Потом рассказывали трагическую историю, как какая-то мадам Фук спрятала очень хитро брил­лиант в яйцо. Сделала маленькую дырочку в скорлу­пе сырого яйца, засунула бриллиант, а потом яйцо сварила вкрутую. Пойди-ка найди. Положила яйцо в корзинку с провизией и спокойно сидит, улыбается. Входят в вагон красноармейцы. Осматривают ба­гаж. Вдруг один солдат схватил это самое яйцо, облупил и тут же, на глазах у мадам Фук, слопал. Несчастная женщина так дальше и не поехала. Вы­лезла на станции, три дня ходила за этим паршивым красноармейцем, как за малым ребенком, глаз с него не спускала.

— Ну и что же?

— Э, где там! Так ни с чем и домой вернулась. Стали вспоминать о разных хитростях, о том, как

во время войны ловили шпионов.

— До того эти шпионы исхитрились! Подумайте только: стали у себя на спине зарисовывать планы крепостей, а потом сверху закрашивать. Ну, военная разведка тоже не глупая —живо догадалась. Стали всем подозрительным субъектам спины мыть. Конечно, случались досадные ошибки. У нас в Гродне поймали одного господина. На вид — прямо поразительный брюнет. А как вымыли его, оказался блондин и честнейший малый. Разведка очень извинялась…

Под эту мирную беседу на жуткие темы ехать было приятно и удобно, но не проехали мы и трех

часов, как вдруг поезд остановился и велели всем высаживаться.

Вылезли, выволокли багаж, простояли на плат­форме часа два и влезли в другой поезд, весь третье­классный, набитый до отказа. Против нас оказались злющие белоглазые бабы. Мы им не понрави­лись.

—  Едут,—сказала про нас рябая, с бородавкой.— Едут, а чего едут и зачем едут — и сами не знают.

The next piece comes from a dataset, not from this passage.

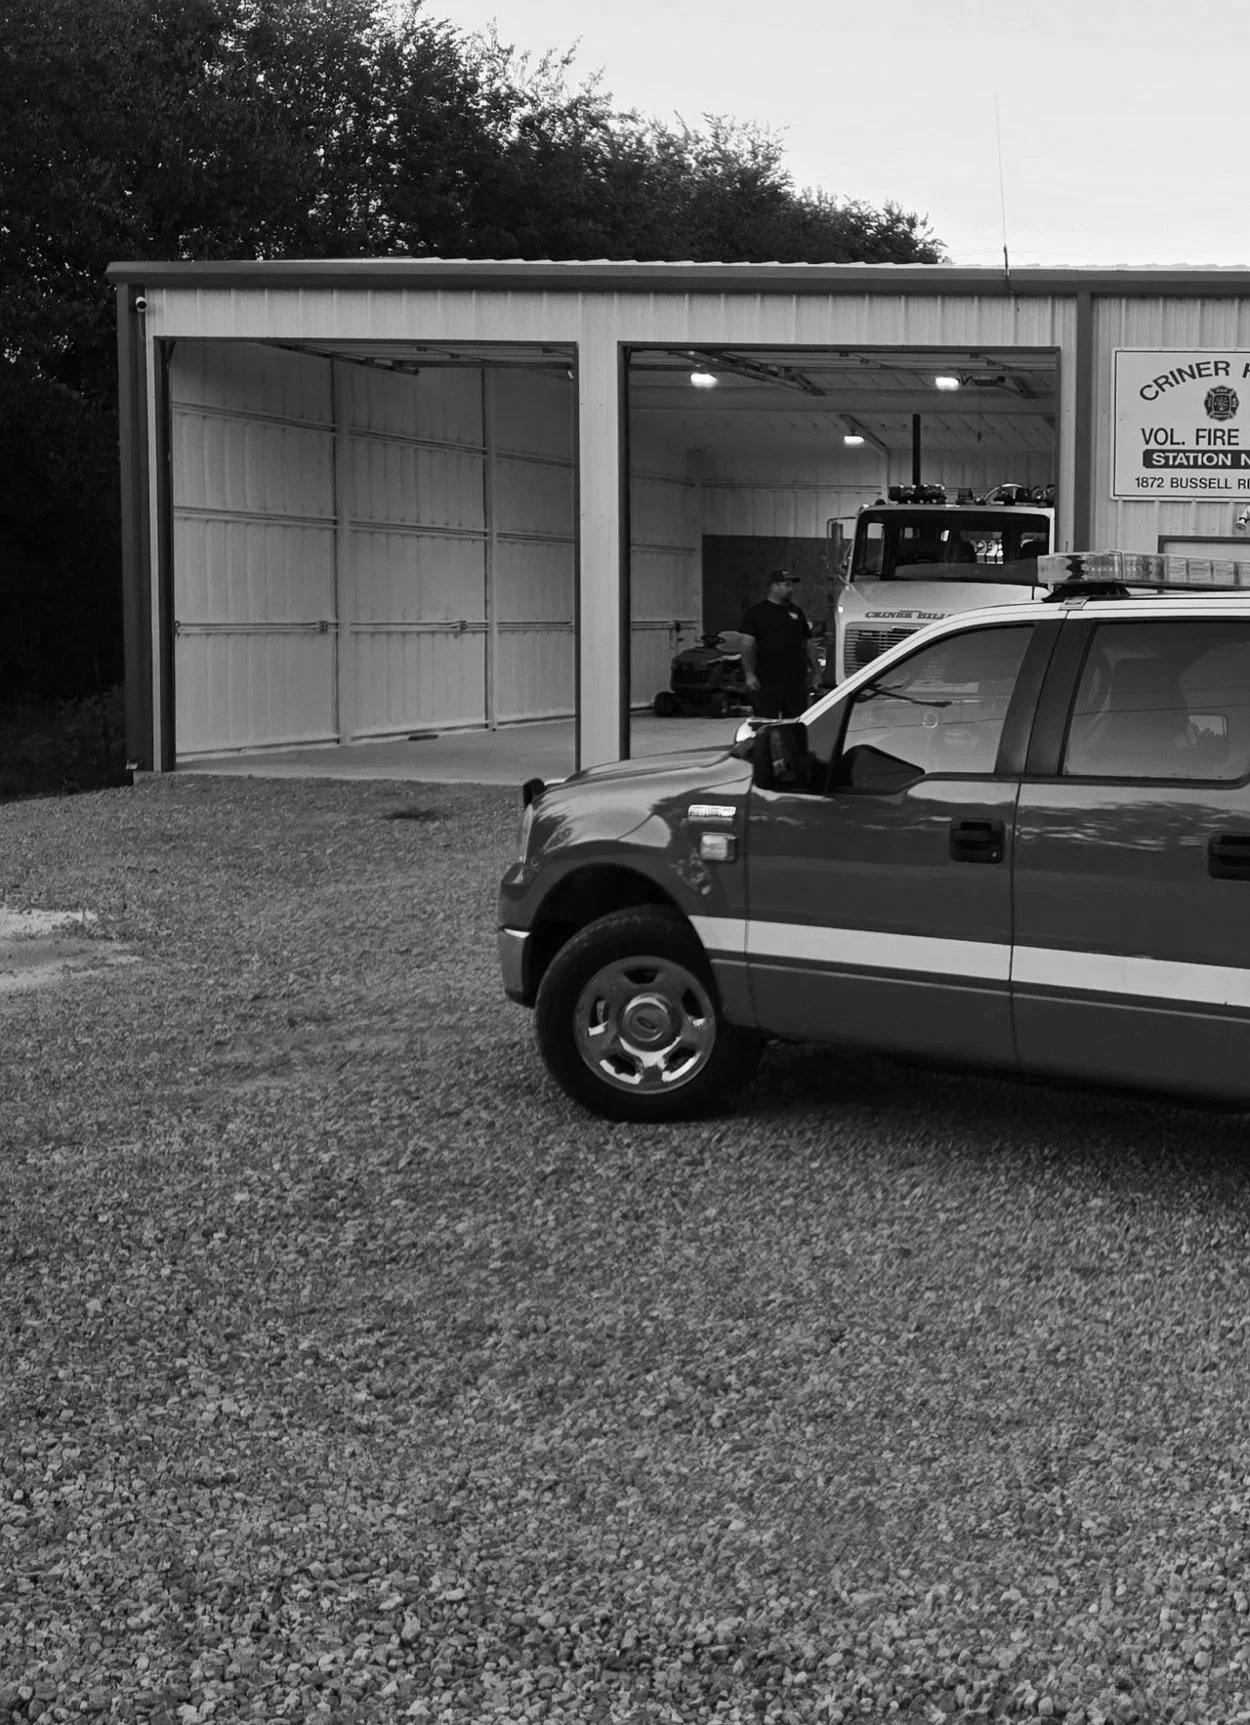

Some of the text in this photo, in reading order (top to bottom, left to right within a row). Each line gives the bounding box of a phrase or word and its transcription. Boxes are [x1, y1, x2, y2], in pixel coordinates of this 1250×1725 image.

—  Что с цепи сорвавши,—согласилась с ней другая, в замызганном платке, кончиками которого она элегантно вытирала свой утиный нос.

Больше всего раздражала их китайская собачка пекинуа, крошечный шелковый комочек, которую везла на руках старшая из наших актрис.

—  Ишь, собаку везет! Сама в шляпке и собаку везет.

—  Оставила бы дома. Людям сесть некуды, а она собачищу везет!

—  Она же вам не мешает,—дрожащим голосом вступилась актриса за свою «собачищу».— Все равно я бы вас к себе на колени не посадила.

—  Небось мы собак с собой не возим,— не унимались бабы.

—  Ее одну дома оставлять нельзя. Она нежная. За ней ухода больше, чем за ребенком.

—  Чаво-о?

—  Ой, да что же это? — вдруг окончательно взбеленилась рябая и даже с места вскочила.—Эй! Послушайте-ка, что тут говорят-то. Вон энта, в шляпке, говорит, что наши дети хуже собак! Да неужто мы это сносить должны?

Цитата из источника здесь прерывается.